TRANSCRIPTIONAL NETWORK DISSECTION USING A COMBINATION OF MICROARRAYS, RANi AMD COMPUTATIONAL PROMOTER ANALYSIS

 

Ran Elkon1*, Sharon Rashi-Elkeles1*, Yaniv Lerenthal1, Chaim Linhart2, Tamar Tenne1, Ninette Amariglio3, Gideon Rechavi3, Ron Shamir2, and Yosef Shiloh1

 

1The David and Inez Myers Laboratory for Genetic Research, Department of Human Genetics, Sackler School of Medicine, 2School of Computer Science, 3Department of Pediatric

Hemato-Oncology and Functional Genomics, The Chaim Sheba Medical Center and Sackler School of Medicine, Tel-Aviv University, Israel.

 

The combination of microarrays and RNAi techniques holds promise for systematic, wide-scale dissection of transcriptional networks. However, recent studies raised the concern that nonspecific responses to siRNA might obscure the consequences of silencing the gene of interest.
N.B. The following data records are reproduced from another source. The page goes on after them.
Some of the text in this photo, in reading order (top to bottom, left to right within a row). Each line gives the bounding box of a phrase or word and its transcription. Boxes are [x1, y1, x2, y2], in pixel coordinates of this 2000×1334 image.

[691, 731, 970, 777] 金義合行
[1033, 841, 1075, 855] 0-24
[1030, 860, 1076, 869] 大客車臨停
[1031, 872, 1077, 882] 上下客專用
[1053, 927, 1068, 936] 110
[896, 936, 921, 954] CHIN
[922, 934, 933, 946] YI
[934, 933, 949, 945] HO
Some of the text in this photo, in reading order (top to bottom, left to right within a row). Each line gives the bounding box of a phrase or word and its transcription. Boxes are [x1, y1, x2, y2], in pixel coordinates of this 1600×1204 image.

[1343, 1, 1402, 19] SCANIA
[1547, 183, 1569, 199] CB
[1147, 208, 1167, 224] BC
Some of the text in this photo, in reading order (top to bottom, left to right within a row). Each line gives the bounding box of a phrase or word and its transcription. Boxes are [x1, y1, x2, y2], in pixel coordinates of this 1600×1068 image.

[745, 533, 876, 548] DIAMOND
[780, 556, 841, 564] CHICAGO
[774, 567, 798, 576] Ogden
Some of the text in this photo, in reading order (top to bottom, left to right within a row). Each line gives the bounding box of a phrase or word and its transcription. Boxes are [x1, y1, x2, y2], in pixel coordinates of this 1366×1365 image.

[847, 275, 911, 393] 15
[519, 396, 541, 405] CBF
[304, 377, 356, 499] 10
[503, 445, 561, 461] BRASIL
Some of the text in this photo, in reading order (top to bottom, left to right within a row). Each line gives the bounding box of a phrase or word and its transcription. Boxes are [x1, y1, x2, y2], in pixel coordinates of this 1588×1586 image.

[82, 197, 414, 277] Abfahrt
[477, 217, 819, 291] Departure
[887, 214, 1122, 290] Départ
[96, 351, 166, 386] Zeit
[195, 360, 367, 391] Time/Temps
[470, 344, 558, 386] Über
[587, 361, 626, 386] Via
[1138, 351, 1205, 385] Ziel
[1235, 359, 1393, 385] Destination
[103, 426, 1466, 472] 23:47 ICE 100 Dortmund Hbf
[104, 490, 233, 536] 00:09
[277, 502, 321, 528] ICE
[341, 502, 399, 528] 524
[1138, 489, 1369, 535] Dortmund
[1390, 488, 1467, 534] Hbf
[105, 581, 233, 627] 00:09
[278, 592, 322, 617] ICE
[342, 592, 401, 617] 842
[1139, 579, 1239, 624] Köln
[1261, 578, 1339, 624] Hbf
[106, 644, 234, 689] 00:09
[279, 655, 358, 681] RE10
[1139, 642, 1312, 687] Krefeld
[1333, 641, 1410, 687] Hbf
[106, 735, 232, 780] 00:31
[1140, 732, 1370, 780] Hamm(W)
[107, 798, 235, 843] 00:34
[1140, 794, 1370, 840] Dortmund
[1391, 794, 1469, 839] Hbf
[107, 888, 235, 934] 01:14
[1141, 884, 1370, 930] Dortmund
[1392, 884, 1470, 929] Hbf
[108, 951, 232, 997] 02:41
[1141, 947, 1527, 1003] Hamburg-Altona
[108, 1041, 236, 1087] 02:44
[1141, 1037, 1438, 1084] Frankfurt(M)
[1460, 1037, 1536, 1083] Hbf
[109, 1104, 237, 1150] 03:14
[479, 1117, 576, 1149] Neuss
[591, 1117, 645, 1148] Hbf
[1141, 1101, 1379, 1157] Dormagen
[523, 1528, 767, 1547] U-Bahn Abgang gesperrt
In this work, we assessed the ability to precisely dissect transcriptional networks by this combined experimental approach. Focusing on a DNA damage-induced transcriptional network as a test case, we recorded expression profiles with and without exposure of human cells to a radiomimetic drug that induces double strand breaks in the DNA (DSBs). Profiles were measured in control cells and in cells knocked-down for the Rel-A subunit of NF-kB and for p53, two pivotal stress-induced transcription factors, and for ATM, the major transducer of the cellular responses to DSBs. We observed that NF-kB and p53 mediated most of the damage-induced gene activation; that they controlled the activation of largely disjoint sets of genes; and that ATM was required for the activation of both pathways. Applying computational promoter analysis, we demonstrate that the dissection of the network into ATM/NF-kB- and ATM/p53-mediated arms was highly accurate. Thus, we demonstrate that this combined strategy is indeed a powerful method for the dissection of complex transcriptional networks.